La iniciativa buscaba dotar al consistorio de herramientas normativas concretas para prevenir, evaluar y corregir episodios de malos olores, especialmente en entornos cercanos a áreas industriales. Según los comparecientes, más de 200 personas residen actualmente en zonas afectadas por emisiones persistentes que dificultan el descanso, impiden abrir ventanas y generan estrés y malestar.
El texto sometido a votación instaba al Gobierno municipal a iniciar un proceso participativo en el plazo de seis meses para redactar una ordenanza específica, apoyada en parámetros técnicos como el índice de unidades odoríferas por metro cúbico. Entre las medidas planteadas figuraban la elaboración de un mapa de olores, límites diferenciados según usos del suelo, protocolos de atención a quejas ciudadanas, inspecciones en instalaciones emisoras y la publicación periódica de informes.
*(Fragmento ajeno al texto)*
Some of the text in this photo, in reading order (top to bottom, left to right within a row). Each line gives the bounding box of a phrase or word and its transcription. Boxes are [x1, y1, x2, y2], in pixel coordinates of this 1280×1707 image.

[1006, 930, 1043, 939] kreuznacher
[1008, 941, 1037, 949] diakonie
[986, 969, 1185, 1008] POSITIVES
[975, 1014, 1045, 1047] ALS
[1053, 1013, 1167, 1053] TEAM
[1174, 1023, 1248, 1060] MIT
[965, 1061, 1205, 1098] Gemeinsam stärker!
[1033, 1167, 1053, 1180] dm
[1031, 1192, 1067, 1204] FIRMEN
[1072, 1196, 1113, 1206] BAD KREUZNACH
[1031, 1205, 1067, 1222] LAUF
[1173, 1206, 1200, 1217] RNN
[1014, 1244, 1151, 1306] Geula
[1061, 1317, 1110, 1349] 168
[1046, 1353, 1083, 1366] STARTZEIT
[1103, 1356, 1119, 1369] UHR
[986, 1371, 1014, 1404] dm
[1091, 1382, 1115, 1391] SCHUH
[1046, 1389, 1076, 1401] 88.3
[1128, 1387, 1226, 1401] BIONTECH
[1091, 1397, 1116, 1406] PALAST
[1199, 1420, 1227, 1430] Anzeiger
También se proponía buscar apoyo técnico y financiero de Gobierno Vasco y Diputación.
Desde Elkarrekin, el concejal Óscar Fernández ha defendido que “la contaminación odorífera no es un tema baladí”, subrayando su impacto en salud pública y calidad ambiental. Ha recordado que ya existen precedentes de requerimientos municipales a empresas de Gamarra y Sansomendi para realizar estudios odoríferos. A su juicio, una ordenanza municipal permitiría dar seguridad jurídica a las actuaciones y avanzar hacia una industria más sostenible.
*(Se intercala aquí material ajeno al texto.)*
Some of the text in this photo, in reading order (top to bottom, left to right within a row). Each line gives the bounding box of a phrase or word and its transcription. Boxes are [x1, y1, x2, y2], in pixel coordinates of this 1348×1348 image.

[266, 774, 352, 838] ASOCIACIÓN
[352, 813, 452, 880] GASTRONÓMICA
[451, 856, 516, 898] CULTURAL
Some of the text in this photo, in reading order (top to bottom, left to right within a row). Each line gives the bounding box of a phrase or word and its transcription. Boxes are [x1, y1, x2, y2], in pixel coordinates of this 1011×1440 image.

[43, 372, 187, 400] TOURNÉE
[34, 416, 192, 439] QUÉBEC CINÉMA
El posicionamiento del PNV ha sido más escéptico. El edil César Fernández de Landa ha sostenido que, “en términos generales, Vitoria no tiene un problema de olores” y ha cuestionado la eficacia de una regulación local, dada la complejidad técnica de medición y la subjetividad de la percepción olfativa. “Habría que estudiar los recursos humanos y económicos que supondría implantar una ordenanza de este tipo”, ha remarcado.
El Partido Popular ha justificado su voto en contra en la falta de un diagnóstico previo. “Primero hay que saber si existe el problema y dónde se localiza. No podemos empezar por la ordenanza sin saber si hay contaminación”, ha afirmado Alfredo Iturricha, que ha advertido también sobre los costes económicos de la medida.
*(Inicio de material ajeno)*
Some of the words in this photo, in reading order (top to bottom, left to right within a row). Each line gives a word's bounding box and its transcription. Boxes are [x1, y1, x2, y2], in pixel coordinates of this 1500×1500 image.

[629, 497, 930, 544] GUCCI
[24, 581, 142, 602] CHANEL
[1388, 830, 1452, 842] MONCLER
Desde EH Bildu, Ekaitz Díaz de Garayo ha mostrado su apoyo a la moción argumentando que “hay zonas concretas donde los olores son persistentes y afectan directamente a la vida diaria de las personas residentes”. La formación ha defendido que una ordenanza sería comparable a otras ya existentes sobre ruido, y que permitiría actuar de forma más efectiva en entornos como Margarita, Crispijana o las cercanías de Biocompost.
Las comparecencias vecinales han puesto el acento en la falta de respuesta institucional ante las denuncias recibidas. “Nos llevamos quejando años, llamamos a la policía y no se contabilizan. Necesitamos límites, valores técnicos y respuestas efectivas”, han señalado.
A pesar de las negativas institucionales, desde la plataforma ecologista han advertido que intensificarán la recopilación de quejas ciudadanas para visibilizar el problema. “Hoy hay 210 personas viviendo un infierno odorífero. Si no lo queréis ver, es vuestro problema”, han concluido.